Recent studies conducted by the Australian Council of Trade Unions found that “more than 50% of voters nationwide thought business profits would rise as a result of penalty rate cuts,” yet less than 6% of those polled thought businesses would pass on those savings through wage raises.
“There are many people around the world who would kill to have your job,” my mother often tells me amicably.
She’s right. I like my job, anyway. I’m thankful for the opportunities that my employment has afforded me. As I write this, I’m taking extra precautions to turn down the whininess of my digital voice.
I live at home, with very little personal expenses. Am I biting the hand that feeds me? Am I bound to be the subject of an economics-based Ben Shapiro “owns” video? Why can’t I shake the feeling that the boss at the top just doesn’t care about everybody else below them.
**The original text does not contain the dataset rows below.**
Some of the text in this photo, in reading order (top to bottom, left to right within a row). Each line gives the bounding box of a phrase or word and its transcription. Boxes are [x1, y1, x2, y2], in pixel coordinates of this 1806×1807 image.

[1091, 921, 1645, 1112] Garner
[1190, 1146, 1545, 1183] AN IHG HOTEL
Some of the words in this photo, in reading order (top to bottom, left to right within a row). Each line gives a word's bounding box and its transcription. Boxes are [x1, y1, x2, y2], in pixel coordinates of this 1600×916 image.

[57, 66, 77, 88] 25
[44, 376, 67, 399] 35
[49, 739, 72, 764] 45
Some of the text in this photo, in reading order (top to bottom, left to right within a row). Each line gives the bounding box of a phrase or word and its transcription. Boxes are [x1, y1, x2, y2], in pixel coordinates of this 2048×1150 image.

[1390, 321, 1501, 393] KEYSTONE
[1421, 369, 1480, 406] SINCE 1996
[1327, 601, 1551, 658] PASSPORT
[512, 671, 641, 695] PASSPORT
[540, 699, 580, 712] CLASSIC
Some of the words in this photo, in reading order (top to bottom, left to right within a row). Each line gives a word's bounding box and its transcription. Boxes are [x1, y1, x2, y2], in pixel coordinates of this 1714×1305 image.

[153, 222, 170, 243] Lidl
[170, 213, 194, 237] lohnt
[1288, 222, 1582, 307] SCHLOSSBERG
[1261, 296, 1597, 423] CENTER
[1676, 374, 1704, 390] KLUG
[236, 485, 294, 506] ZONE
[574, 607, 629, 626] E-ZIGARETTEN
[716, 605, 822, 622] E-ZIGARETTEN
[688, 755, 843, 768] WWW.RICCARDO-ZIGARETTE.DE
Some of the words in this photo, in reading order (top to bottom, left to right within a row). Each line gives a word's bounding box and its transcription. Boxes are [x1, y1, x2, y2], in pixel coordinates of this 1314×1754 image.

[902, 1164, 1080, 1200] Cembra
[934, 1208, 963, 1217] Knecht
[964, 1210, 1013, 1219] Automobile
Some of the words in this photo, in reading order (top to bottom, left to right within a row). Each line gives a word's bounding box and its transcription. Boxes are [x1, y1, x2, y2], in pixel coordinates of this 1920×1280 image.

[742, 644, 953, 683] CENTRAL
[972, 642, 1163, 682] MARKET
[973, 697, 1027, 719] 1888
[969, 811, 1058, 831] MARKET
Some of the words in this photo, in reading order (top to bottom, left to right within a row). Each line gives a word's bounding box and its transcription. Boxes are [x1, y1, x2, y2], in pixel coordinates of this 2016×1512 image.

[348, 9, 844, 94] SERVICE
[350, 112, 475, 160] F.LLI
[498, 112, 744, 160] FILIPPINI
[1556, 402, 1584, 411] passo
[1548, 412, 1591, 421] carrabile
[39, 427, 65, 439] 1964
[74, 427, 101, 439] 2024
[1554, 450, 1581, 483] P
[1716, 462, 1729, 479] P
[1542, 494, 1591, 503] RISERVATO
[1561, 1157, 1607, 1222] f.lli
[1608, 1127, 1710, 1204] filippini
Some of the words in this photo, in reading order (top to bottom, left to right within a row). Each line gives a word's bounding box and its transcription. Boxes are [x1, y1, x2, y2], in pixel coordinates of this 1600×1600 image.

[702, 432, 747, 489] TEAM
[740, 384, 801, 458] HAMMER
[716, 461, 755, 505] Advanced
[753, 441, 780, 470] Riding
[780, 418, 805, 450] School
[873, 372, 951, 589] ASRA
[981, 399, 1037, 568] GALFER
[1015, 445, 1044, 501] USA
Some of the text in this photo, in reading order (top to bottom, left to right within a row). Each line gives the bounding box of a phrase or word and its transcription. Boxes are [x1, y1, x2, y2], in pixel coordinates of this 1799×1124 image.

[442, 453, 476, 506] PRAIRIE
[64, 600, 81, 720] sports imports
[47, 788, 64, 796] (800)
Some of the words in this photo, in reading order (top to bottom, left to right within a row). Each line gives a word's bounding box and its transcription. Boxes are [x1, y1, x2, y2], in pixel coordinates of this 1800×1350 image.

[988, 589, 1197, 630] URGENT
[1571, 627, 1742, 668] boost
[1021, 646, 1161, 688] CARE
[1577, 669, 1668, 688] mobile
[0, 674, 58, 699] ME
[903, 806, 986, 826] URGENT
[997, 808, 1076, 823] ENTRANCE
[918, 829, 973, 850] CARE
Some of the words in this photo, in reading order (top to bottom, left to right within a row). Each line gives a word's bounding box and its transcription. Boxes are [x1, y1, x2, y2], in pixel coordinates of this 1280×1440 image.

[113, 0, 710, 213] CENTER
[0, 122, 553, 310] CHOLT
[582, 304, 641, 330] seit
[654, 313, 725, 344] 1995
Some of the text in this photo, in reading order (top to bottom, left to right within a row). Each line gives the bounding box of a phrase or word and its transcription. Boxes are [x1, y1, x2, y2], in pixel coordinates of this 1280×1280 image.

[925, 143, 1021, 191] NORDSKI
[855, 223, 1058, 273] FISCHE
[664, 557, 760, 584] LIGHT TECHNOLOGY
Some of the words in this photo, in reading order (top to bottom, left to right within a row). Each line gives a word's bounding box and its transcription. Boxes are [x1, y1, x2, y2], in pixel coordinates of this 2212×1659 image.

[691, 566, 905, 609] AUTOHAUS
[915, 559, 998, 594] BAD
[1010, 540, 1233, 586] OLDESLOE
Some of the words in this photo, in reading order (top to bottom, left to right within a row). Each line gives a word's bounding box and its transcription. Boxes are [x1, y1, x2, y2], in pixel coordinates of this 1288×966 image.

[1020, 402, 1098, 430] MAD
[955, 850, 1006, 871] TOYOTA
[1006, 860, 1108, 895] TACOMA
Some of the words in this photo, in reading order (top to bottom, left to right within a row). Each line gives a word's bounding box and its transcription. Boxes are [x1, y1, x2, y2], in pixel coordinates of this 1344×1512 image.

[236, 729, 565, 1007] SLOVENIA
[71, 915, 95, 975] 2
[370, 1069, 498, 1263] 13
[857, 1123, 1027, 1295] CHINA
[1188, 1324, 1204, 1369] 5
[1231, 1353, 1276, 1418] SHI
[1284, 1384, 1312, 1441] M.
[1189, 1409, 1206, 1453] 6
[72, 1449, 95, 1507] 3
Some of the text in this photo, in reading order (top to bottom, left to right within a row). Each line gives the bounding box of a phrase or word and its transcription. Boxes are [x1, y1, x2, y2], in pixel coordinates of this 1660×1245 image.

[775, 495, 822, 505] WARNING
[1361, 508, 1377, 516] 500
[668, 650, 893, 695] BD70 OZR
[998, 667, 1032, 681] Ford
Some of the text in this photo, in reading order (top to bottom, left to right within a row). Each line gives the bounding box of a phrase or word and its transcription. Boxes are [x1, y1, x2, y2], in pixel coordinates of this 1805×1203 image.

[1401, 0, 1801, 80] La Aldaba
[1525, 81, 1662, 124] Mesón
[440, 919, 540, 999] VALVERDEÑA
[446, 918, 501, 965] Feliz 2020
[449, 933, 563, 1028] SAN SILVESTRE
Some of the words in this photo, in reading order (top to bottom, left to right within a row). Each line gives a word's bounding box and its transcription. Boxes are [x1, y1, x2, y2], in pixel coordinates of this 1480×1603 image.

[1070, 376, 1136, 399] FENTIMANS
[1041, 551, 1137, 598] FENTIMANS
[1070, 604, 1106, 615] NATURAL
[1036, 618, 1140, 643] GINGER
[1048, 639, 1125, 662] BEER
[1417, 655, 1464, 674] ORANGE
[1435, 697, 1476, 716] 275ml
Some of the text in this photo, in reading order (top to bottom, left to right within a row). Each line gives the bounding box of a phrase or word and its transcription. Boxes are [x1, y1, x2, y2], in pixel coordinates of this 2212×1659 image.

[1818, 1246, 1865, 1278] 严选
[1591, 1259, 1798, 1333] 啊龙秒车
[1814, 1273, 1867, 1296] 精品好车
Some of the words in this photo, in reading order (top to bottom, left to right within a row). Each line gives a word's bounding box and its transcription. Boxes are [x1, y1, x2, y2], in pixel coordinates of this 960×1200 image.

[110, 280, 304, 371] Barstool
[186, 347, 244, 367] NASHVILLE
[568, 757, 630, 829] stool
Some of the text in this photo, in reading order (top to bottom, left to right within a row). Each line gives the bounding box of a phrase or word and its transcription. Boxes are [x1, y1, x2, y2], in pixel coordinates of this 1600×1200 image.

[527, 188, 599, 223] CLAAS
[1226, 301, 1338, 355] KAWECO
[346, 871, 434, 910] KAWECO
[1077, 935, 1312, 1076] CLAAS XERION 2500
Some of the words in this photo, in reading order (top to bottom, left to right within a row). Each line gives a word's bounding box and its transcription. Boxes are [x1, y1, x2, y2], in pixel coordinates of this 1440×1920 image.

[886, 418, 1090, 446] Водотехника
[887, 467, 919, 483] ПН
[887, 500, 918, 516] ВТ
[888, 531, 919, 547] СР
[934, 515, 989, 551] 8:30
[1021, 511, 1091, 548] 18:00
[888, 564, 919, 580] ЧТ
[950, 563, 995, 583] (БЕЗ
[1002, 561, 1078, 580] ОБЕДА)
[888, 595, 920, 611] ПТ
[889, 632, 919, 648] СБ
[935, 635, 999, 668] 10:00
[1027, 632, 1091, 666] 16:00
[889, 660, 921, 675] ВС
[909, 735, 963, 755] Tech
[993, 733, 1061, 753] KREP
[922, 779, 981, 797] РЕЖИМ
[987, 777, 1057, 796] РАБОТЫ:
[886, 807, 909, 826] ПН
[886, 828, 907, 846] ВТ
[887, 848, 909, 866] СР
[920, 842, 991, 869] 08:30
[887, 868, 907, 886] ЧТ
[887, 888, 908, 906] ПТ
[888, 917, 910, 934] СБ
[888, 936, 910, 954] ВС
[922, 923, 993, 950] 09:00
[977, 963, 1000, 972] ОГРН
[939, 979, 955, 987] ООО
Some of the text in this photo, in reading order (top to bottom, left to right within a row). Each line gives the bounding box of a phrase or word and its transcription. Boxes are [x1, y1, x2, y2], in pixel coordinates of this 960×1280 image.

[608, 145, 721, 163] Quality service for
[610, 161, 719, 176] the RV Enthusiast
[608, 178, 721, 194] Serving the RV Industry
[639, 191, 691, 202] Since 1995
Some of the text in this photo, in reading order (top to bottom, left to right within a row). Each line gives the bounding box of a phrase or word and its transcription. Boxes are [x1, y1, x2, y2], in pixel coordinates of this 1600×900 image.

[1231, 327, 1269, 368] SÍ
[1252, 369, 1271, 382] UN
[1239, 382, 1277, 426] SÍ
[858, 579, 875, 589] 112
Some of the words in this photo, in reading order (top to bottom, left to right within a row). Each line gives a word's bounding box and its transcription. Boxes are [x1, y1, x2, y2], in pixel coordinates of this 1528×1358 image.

Is this the generational entitlement that Daily Telegraph headlines warned me about?
I don’t think so. I think that cutting penalty rates are indicative of a larger problem. If only 6% of the wider Australian public thinks that cutting penalty rates directly correlates to an average raise in wages for some of Australia’s lowest earners, wouldn’t that imply that approximately 94% of the population are at least conscious of the money being sucked out of the system at a base level, directly contributing to the image of the starving uni student?
“Why have you spent all this time complaining – just find a new job?”, one Daily Telegraph reader writes. Is he right?
He’s probably right.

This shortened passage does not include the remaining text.